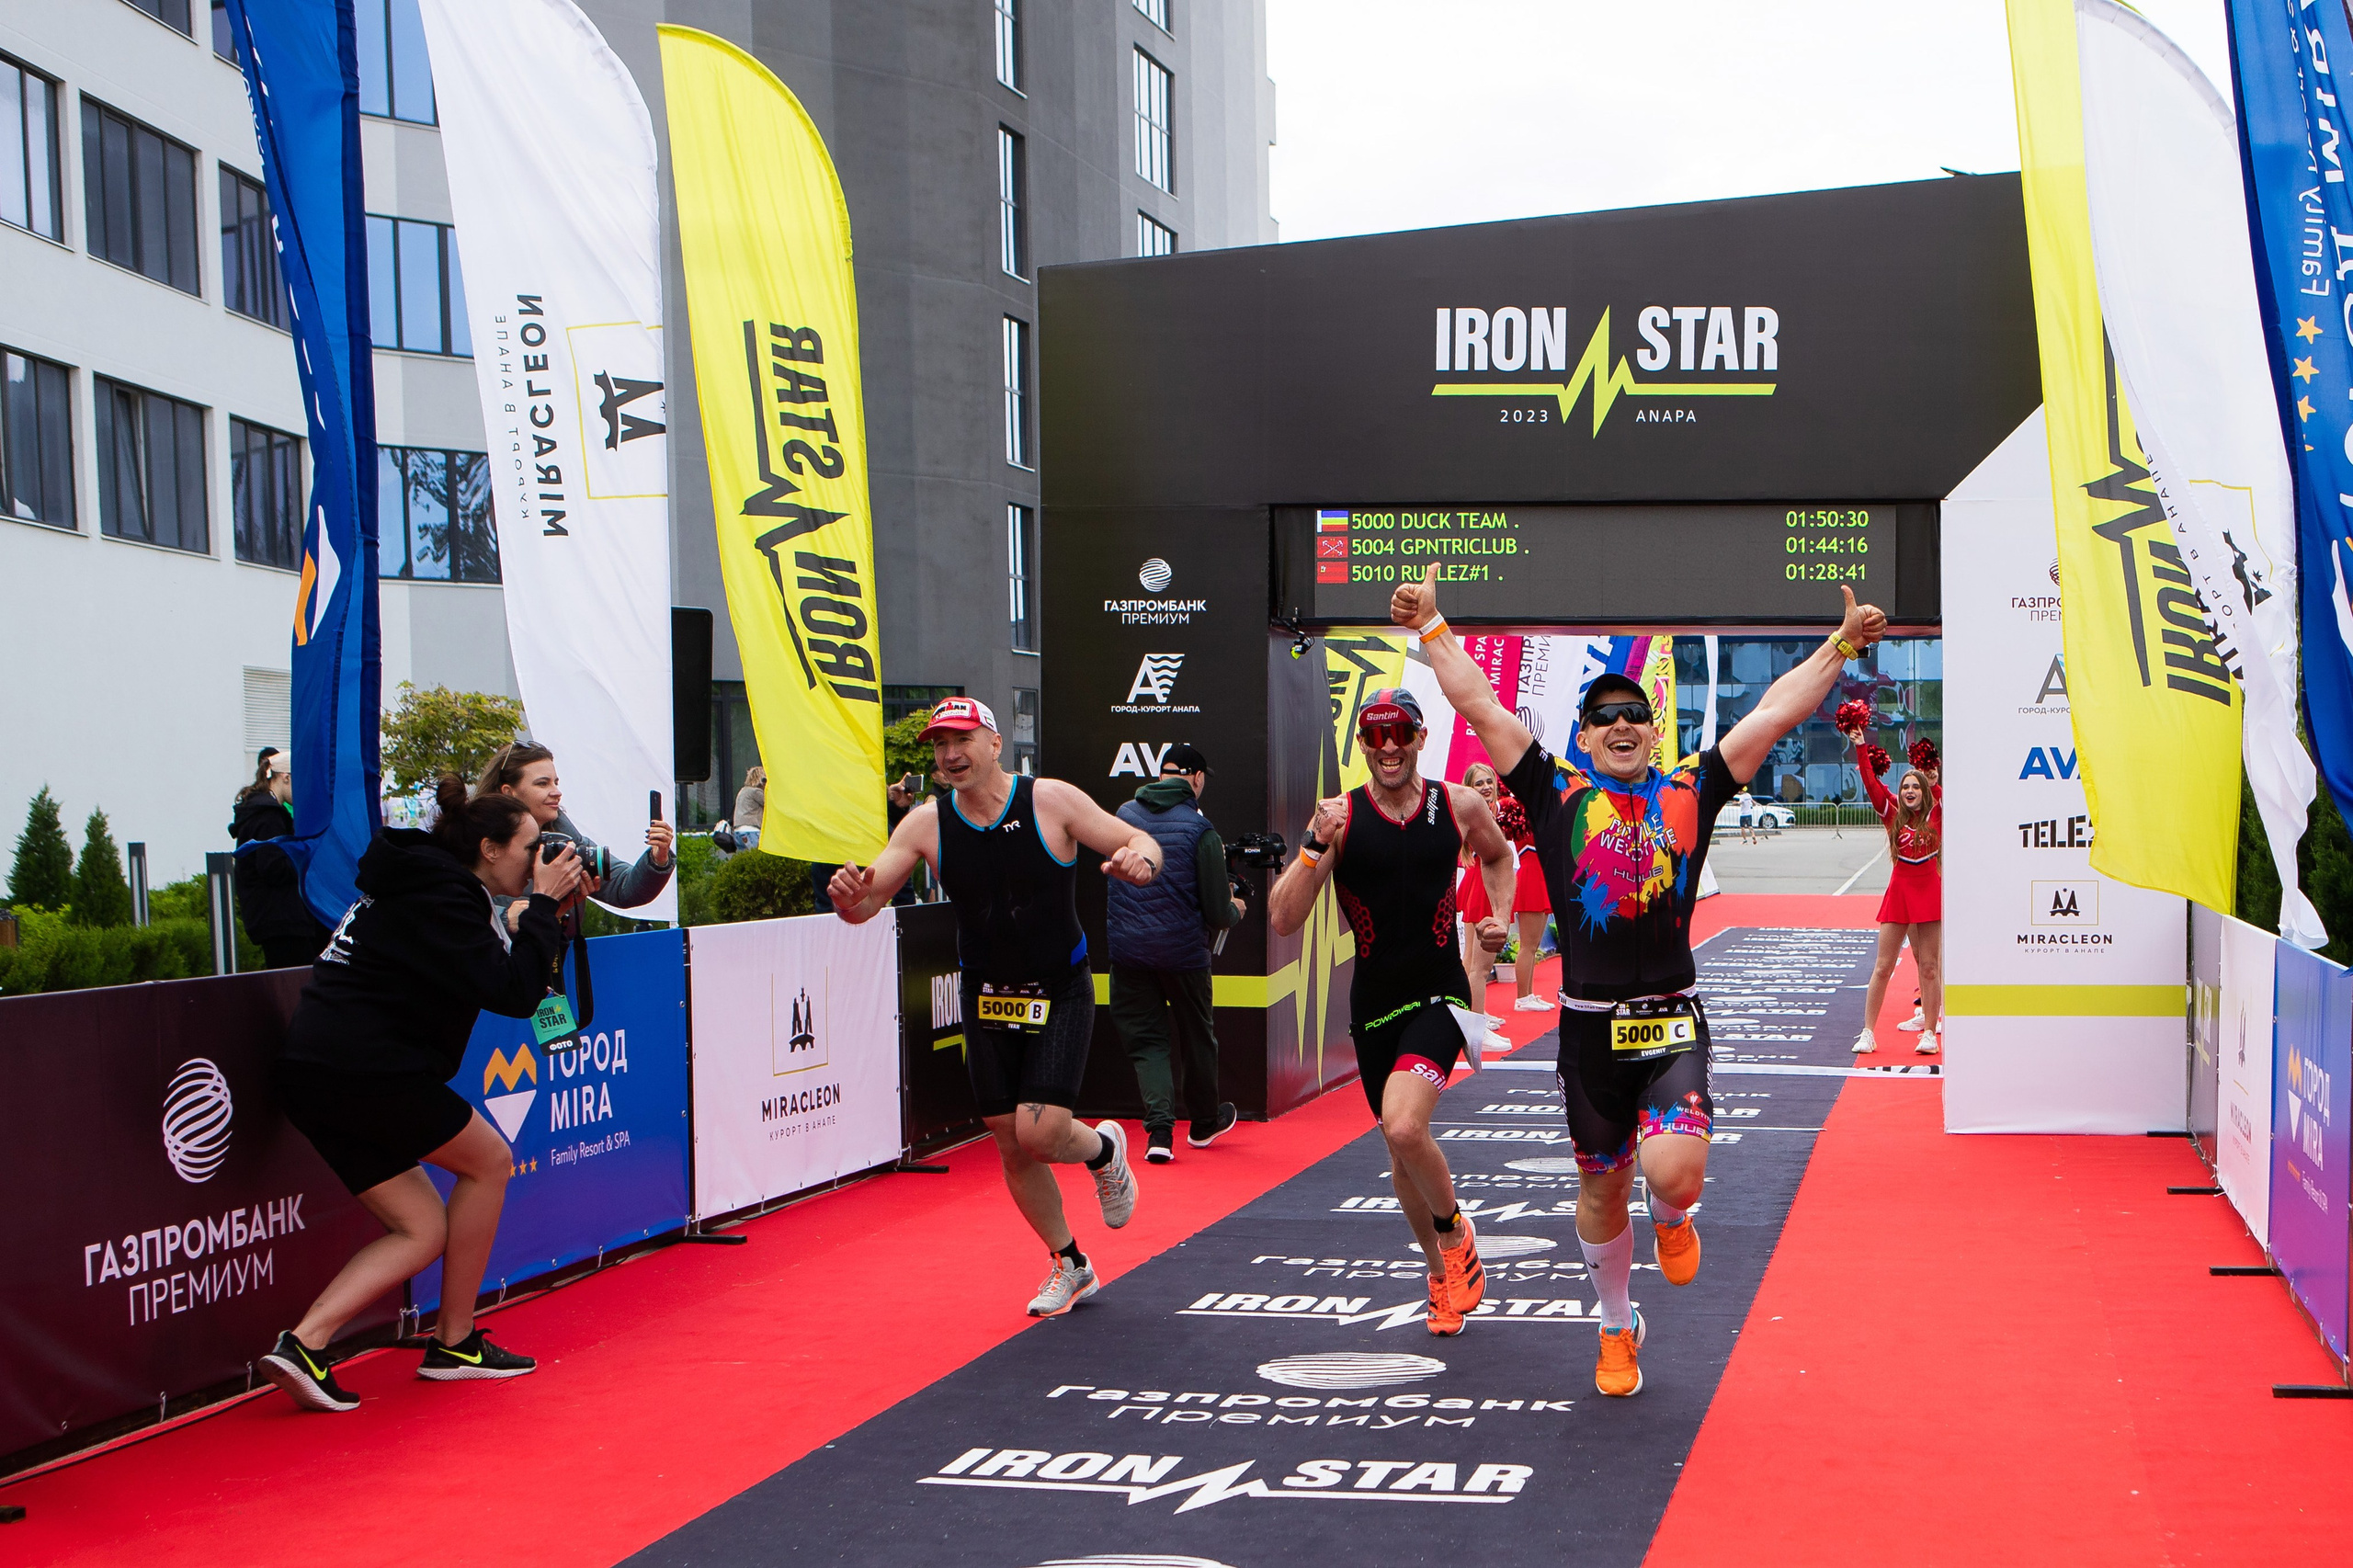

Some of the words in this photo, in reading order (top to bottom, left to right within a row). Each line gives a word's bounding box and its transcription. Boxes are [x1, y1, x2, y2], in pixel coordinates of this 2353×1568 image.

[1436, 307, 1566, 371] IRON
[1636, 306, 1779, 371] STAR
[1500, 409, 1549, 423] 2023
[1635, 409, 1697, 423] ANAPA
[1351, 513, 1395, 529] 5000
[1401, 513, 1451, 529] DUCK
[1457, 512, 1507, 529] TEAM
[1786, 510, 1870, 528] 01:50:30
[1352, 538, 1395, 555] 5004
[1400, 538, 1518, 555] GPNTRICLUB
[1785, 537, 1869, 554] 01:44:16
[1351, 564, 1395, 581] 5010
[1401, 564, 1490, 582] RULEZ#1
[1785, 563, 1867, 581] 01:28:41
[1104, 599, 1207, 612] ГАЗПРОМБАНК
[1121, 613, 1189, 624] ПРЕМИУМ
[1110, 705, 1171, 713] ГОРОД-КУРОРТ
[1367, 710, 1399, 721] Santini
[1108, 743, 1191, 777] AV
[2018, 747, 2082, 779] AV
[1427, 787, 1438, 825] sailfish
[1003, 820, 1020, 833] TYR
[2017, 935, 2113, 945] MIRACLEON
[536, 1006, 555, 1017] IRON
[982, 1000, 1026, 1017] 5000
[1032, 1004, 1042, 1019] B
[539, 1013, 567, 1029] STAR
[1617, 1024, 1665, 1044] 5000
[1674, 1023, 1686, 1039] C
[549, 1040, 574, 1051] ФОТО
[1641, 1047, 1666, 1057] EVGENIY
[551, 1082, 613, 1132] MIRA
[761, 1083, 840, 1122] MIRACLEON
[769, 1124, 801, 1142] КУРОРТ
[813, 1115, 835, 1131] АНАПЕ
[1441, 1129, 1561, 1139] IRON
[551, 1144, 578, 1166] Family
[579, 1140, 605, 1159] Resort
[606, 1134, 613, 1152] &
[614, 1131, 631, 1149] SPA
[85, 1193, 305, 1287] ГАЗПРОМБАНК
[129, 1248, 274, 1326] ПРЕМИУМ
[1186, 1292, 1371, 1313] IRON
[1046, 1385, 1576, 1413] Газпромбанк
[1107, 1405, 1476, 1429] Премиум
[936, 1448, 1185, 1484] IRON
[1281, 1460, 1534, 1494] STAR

Work item: Using the data above, return each line that includes the word "IRON".

Completed exercise:
[1436, 307, 1566, 371] IRON
[536, 1006, 555, 1017] IRON
[1441, 1129, 1561, 1139] IRON
[1186, 1292, 1371, 1313] IRON
[936, 1448, 1185, 1484] IRON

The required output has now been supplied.